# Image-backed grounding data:
##############################
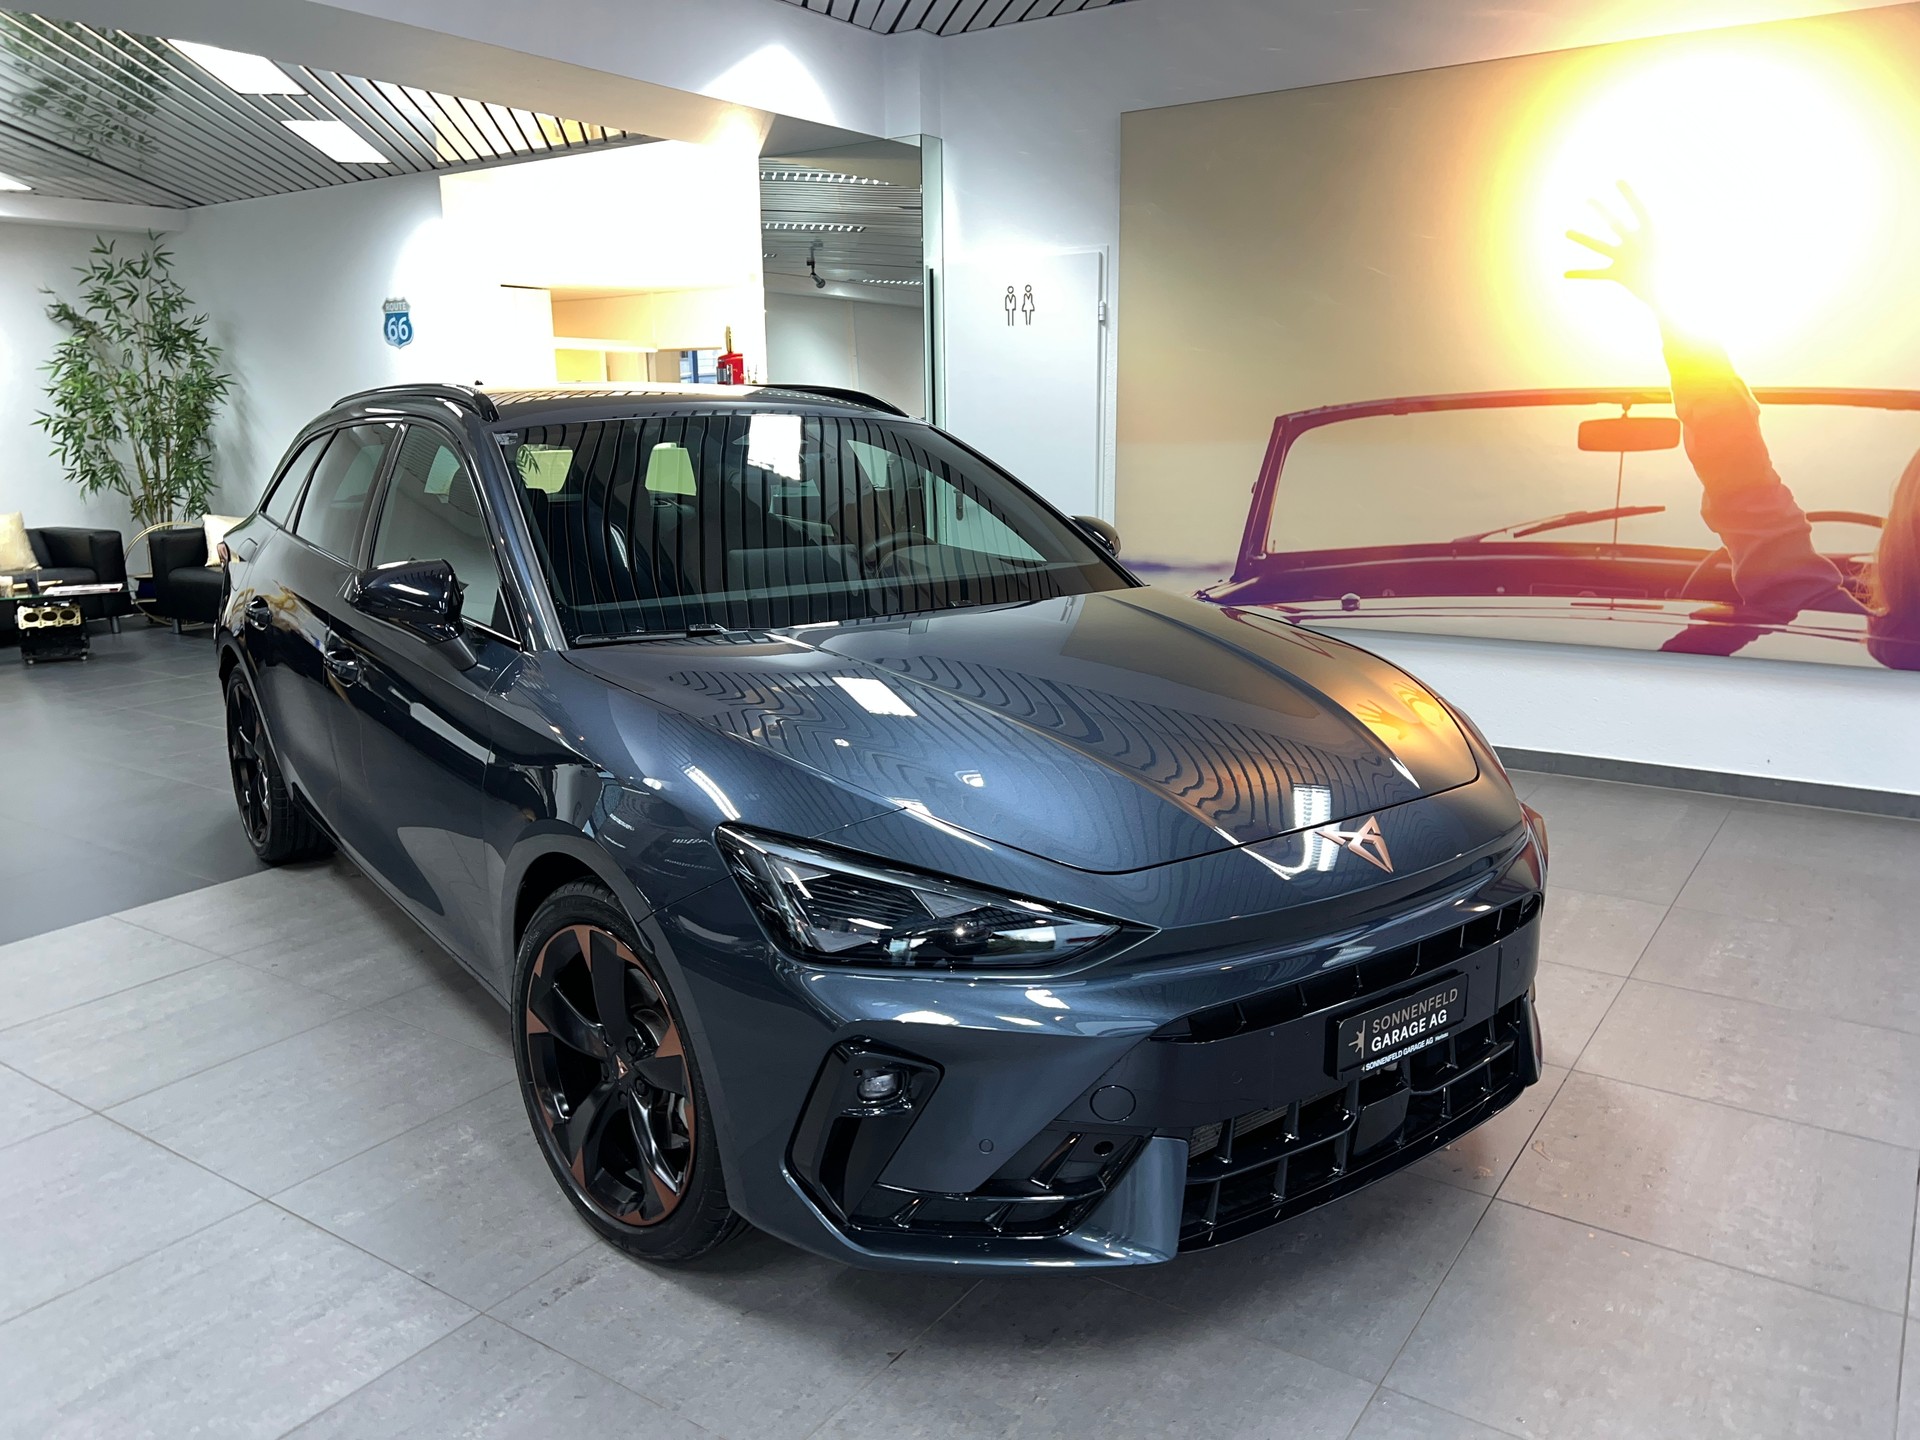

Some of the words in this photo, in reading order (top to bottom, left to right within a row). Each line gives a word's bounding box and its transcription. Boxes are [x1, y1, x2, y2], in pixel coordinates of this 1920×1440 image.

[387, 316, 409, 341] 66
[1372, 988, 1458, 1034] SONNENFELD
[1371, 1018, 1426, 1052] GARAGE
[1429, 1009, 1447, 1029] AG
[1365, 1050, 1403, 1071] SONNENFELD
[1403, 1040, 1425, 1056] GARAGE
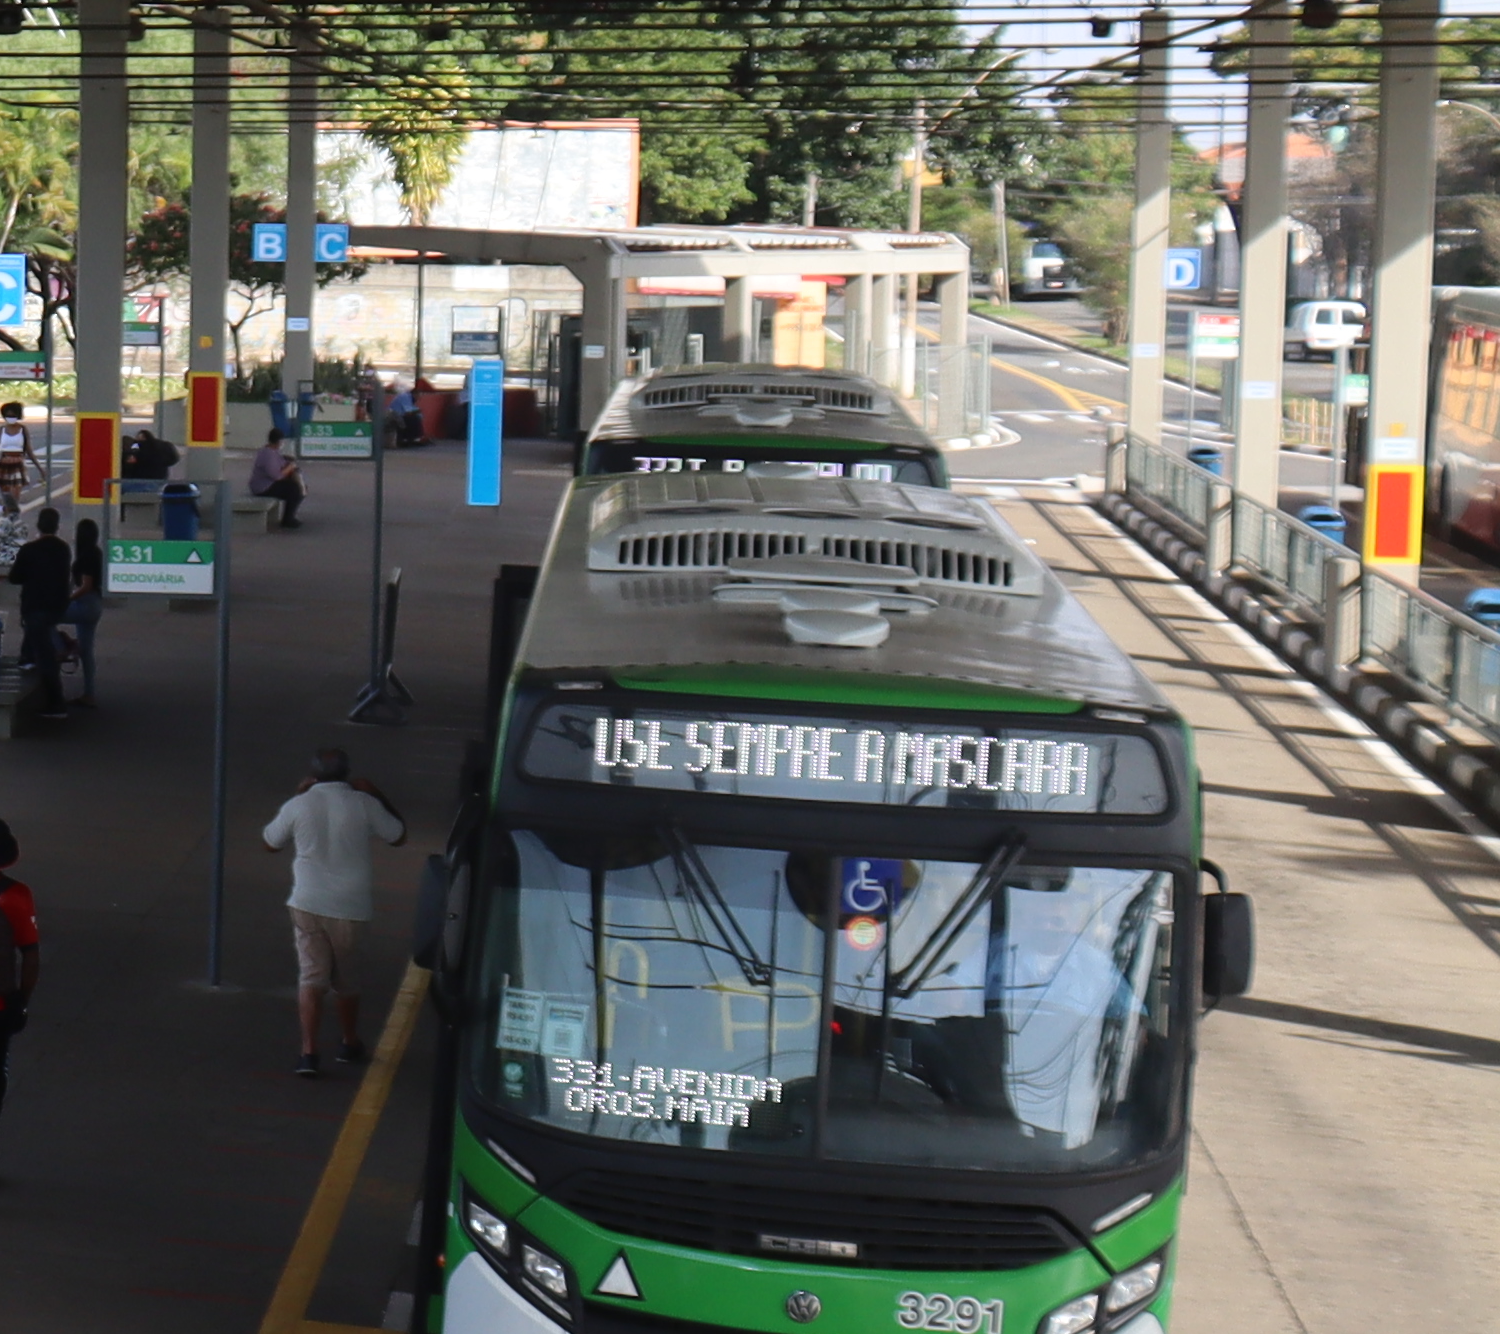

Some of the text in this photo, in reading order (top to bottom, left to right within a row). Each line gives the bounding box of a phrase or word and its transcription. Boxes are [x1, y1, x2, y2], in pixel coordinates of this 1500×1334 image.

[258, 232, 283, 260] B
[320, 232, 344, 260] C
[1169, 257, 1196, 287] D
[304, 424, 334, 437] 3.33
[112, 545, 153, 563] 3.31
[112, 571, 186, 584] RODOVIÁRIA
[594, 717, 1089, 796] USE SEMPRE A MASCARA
##############################
# Task description:
Return only what runs from the line containing "Some of the text" to the last line of the records above, both ends included, exactly as written.

# Problem solution:
Some of the text in this photo, in reading order (top to bottom, left to right within a row). Each line gives the bounding box of a phrase or word and its transcription. Boxes are [x1, y1, x2, y2], in pixel coordinates of this 1500×1334 image.

[258, 232, 283, 260] B
[320, 232, 344, 260] C
[1169, 257, 1196, 287] D
[304, 424, 334, 437] 3.33
[112, 545, 153, 563] 3.31
[112, 571, 186, 584] RODOVIÁRIA
[594, 717, 1089, 796] USE SEMPRE A MASCARA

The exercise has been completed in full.